■ Records excerpted from a collection

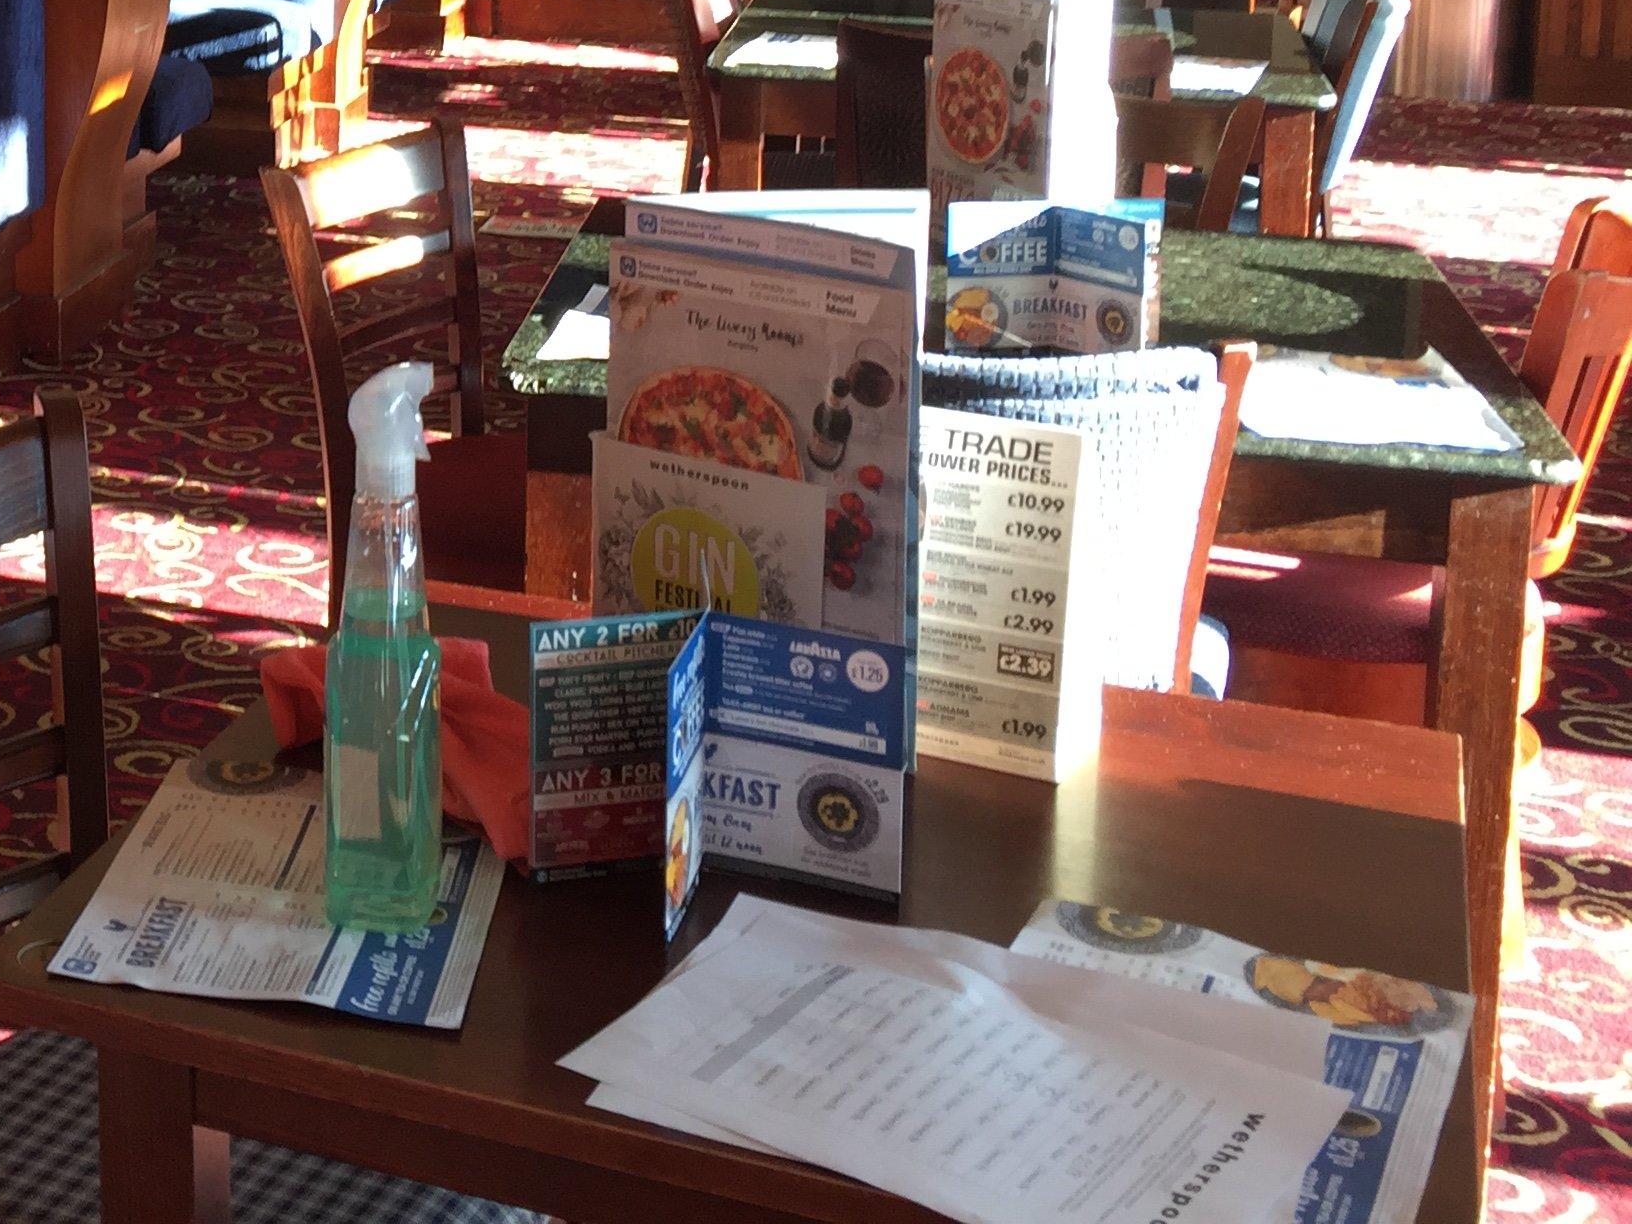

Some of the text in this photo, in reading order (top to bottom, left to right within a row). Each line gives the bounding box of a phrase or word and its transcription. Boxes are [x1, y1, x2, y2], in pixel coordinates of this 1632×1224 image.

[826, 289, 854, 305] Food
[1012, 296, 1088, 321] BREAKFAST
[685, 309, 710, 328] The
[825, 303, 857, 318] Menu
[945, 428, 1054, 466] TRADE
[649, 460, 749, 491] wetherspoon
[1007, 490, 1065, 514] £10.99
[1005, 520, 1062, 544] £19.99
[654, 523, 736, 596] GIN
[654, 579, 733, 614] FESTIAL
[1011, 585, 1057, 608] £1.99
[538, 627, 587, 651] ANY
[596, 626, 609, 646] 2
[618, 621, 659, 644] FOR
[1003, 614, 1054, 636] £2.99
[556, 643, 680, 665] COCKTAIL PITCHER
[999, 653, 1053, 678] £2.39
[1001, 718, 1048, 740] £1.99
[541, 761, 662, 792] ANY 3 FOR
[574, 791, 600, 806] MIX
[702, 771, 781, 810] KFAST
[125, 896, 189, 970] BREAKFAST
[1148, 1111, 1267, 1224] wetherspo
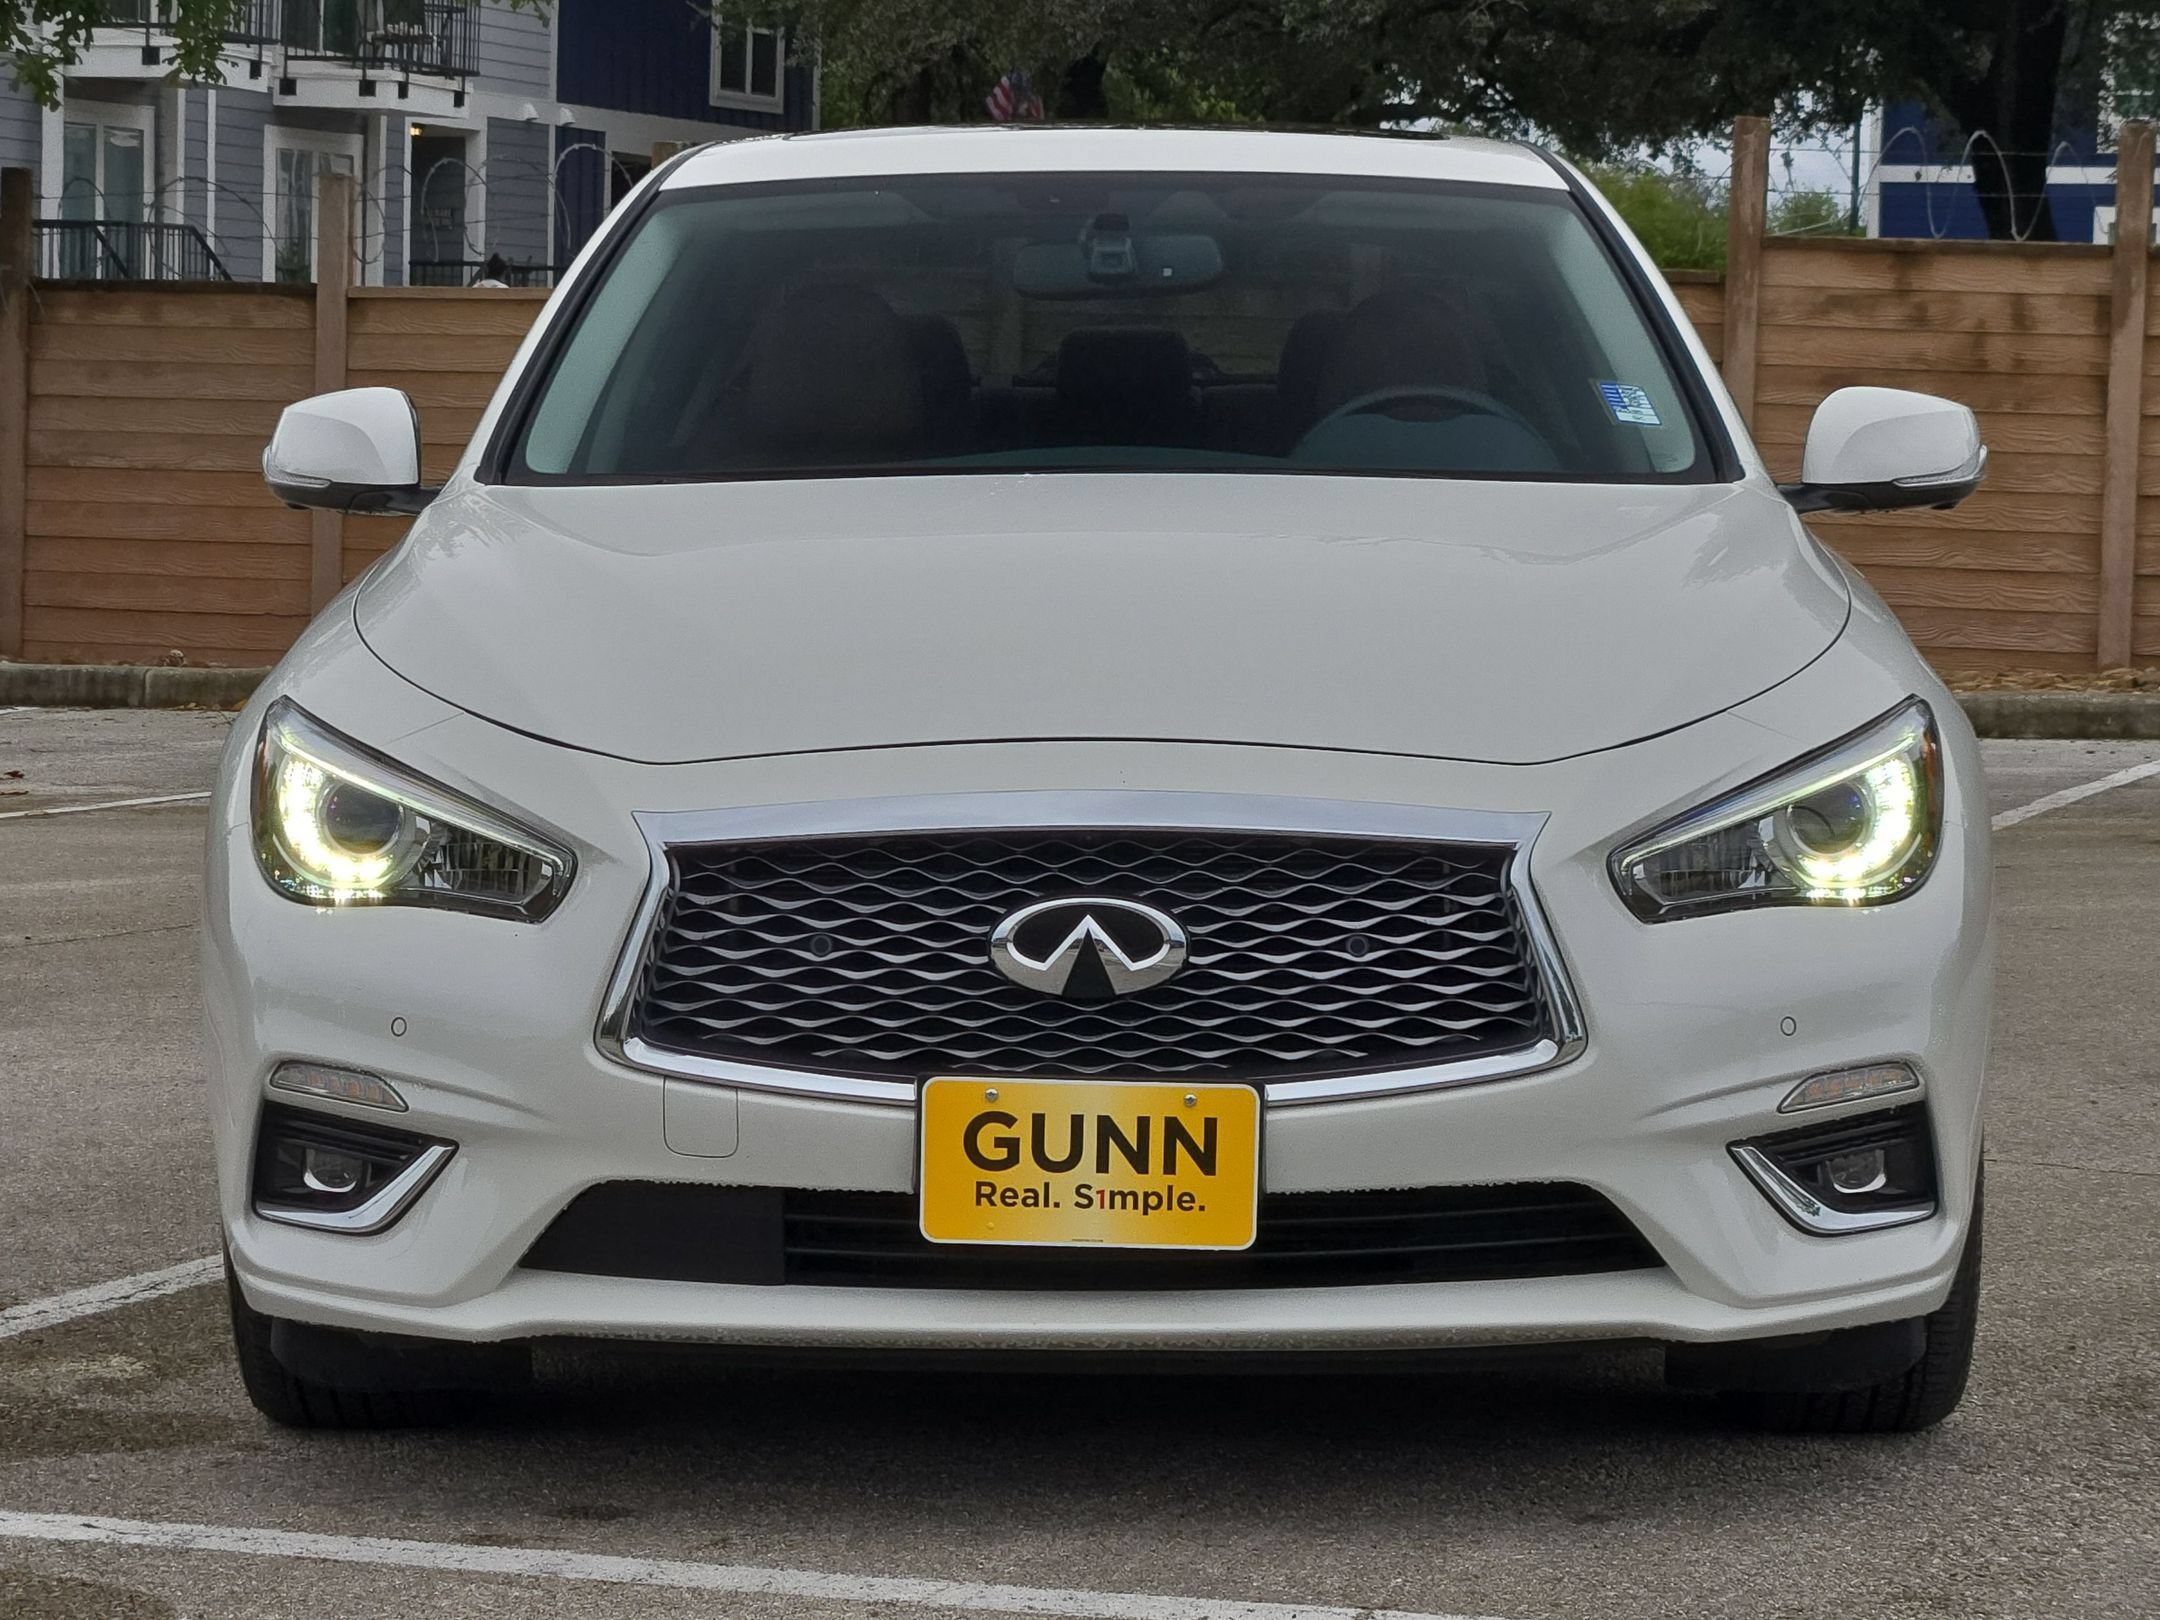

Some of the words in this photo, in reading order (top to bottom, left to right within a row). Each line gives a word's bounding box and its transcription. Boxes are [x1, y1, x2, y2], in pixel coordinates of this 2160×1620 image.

■ TASK STATEMENT
Would you reproduce the lines above exactly, without carrying over the pictures?

■ ANSWER AREA
Some of the text in this photo, in reading order (top to bottom, left to right within a row). Each line gives the bounding box of a phrase or word and its transcription. Boxes are [x1, y1, x2, y2], in pixel coordinates of this 1632×1224 image.

[826, 289, 854, 305] Food
[1012, 296, 1088, 321] BREAKFAST
[685, 309, 710, 328] The
[825, 303, 857, 318] Menu
[945, 428, 1054, 466] TRADE
[649, 460, 749, 491] wetherspoon
[1007, 490, 1065, 514] £10.99
[1005, 520, 1062, 544] £19.99
[654, 523, 736, 596] GIN
[654, 579, 733, 614] FESTIAL
[1011, 585, 1057, 608] £1.99
[538, 627, 587, 651] ANY
[596, 626, 609, 646] 2
[618, 621, 659, 644] FOR
[1003, 614, 1054, 636] £2.99
[556, 643, 680, 665] COCKTAIL PITCHER
[999, 653, 1053, 678] £2.39
[1001, 718, 1048, 740] £1.99
[541, 761, 662, 792] ANY 3 FOR
[574, 791, 600, 806] MIX
[702, 771, 781, 810] KFAST
[125, 896, 189, 970] BREAKFAST
[1148, 1111, 1267, 1224] wetherspo

Some of the words in this photo, in reading order (top to bottom, left to right within a row). Each line gives a word's bounding box and its transcription. Boxes are [x1, y1, x2, y2], in pixel coordinates of this 2160×1620 image.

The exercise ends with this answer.